2.3. Storm Tide Simulation
We use the ADvanced CIRCulation model (ADCIRC) to simulate storm tides (i.e., the total water level including storm surge and astronomical tide). ADCIRC, originally developed by Luettich et al. (1992) and Westerink et al. (1994), is a well-established open-source hydrodynamic model applicable to free surface circulation and transport problems. The model adopts the hydrostatic pressure assumption to numerically solve the governing equations in space and time using, respectively, the finite-element and finite-difference numerical methods. ADCIRC solves the 2-D or 3-D momentum equations to calculate velocity fields. For storm surge modeling in the coastal ocean, the 2-D depth-integrated model is usually preferred to the 3-D model because it is computationally cheaper and largely captures the dominant processes that control the storm-induced water level (Resio and Westerink, 2008). In the present study, we use the 2-D depth-integrated version of ADCIRC. Due to the extremely large computational resource that would be required to simulate wind waves associated with the large number of synthetic storms, we do not apply wave simulations here. Thus we neglect the effect of wave setup on the total water level, which has been estimated to contribute up to 10-20% to total extreme water levels in the Shanghai region (Melet et al., 2018).
Using the mesh generation module of Surface-water Modeling System (SMS), we develop a computational mesh that extends between latitudes 21°N and 41°N and longitudes 116.5°W and 129.5°W. The computational domain consists of an unstructured triangular mesh with 108,440 nodes and 209,844 elements. The mesh resolution is <100 m nearshore and gradually increases to > 50 km in deeper waters. The bathymetry of the model is based on the bathymetry survey of Yangtze River Estuary in 2012 (Zhu and Bao, 2016) and GEBCO (GEneral Bathymetric Chart of the Oceans)-2014 global 30 arc sec gridded data (https://www.gebco.net/data_and_products/historical_data_sets/). The vertical datum is in mean sea level (referenced to year 2000). The manning’s n bottom roughness coefficient varies spatially over the grid based on a global database for sediments on the seabed (http://portal.gplates.org/static/html/seafloor.html). The water level at the open boundaries is specified by eight major tidal constituents (K1, K2, M2, N2, O1, P1, Q1, and S2). The tidal information, including the amplitudes and phases, are obtained from the global model of ocean tides TPXO8-ATLAS with a 1/30resolution (Egbert and Erofeeva, 2002). At closed boundaries, i.e., island and mainland shorelines, the normal flow is set to zero whereas the tangential velocity is determined based on the free-slip boundary condition. While it is difficult to validate the ADCIRC modeling for storm surges in Shanghai, as a critical TC parameter –radius of maximum wind–is not available in the historical record for the Northwest Pacific Basin, the ADCIRC model has been found to produce storm surge estimations with relatively high accuracy in a number of studies (e.g., Westerink et al., 2008; Marsooli and Lin, 2018). Our evaluation on the model performance in simulating the astronomical tides, which can contribute to over 75% of the storm tides in Shanghai, shows that the ADCIRC model satisfactorily captures the dominant dynamics of major tide constituents along the Shanghai coast (Fig. S2).
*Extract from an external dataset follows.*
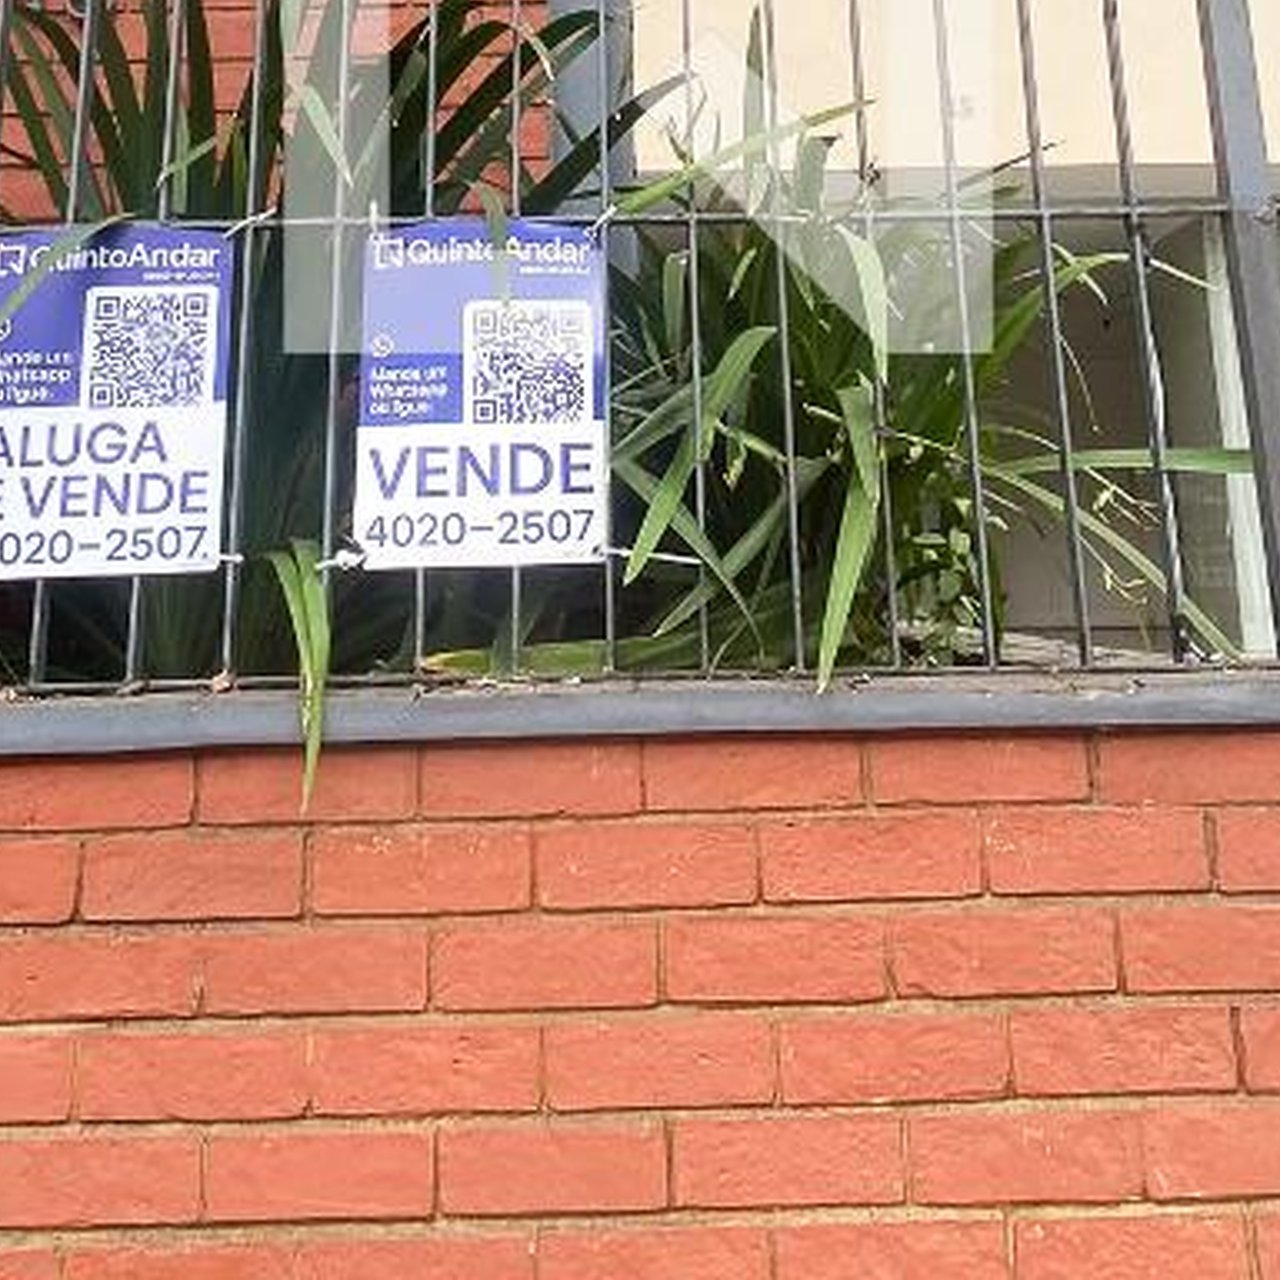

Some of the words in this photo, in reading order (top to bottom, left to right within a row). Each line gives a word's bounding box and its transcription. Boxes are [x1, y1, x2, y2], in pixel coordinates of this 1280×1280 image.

We use analytical/parametric models to calculate the surface wind and pressure fields associated with the synthetic TCs to drive the hydrodynamic modeling. We use the parametric model of Holland (1980) to calculate the radial profile of pressure, which is related to the maximum wind speed, radius of maximum wind, and pressure deficit. We use the analytical model of Emanuel and Rotunno (2011) to calculate the wind field. The model calculates the 1-min axisymmetric wind field (associated with the storm) at the gradient level based on the storm characteristics including maximum wind speed and radius of maximum wind. We convert the gradient wind to the surface level (10 m above the sea surface) with a velocity reduction factor of 0.85 (Georgiou et al., 1983) and an empirical expression of inflow angles (Bretschneider, 1972). We add to the storm wind the surface environmental wind estimated as a fraction (0.55, rotated counter-clockwise by 20o) of the storm translation velocity, to account for the asymmetry of the wind field (Lin and Chavas, 2012). Finally, for use in the ADCIRC modeling we adjust the 1-minute wind to a 10-minute average with a reduction factor of 0.893 (Powell et al., 1996). This framework of TC modeling for storm surge analysis has been implemented by various previous studies (e.g., Lin et al., 2012; Marsooli et al. 2019). Also, Xu et al. (2020) used a similar method to estimate the wind field, and their estimated wind hazard based on the NCEP synthetic dataset compared well with historical wind observations in the Shanghai region.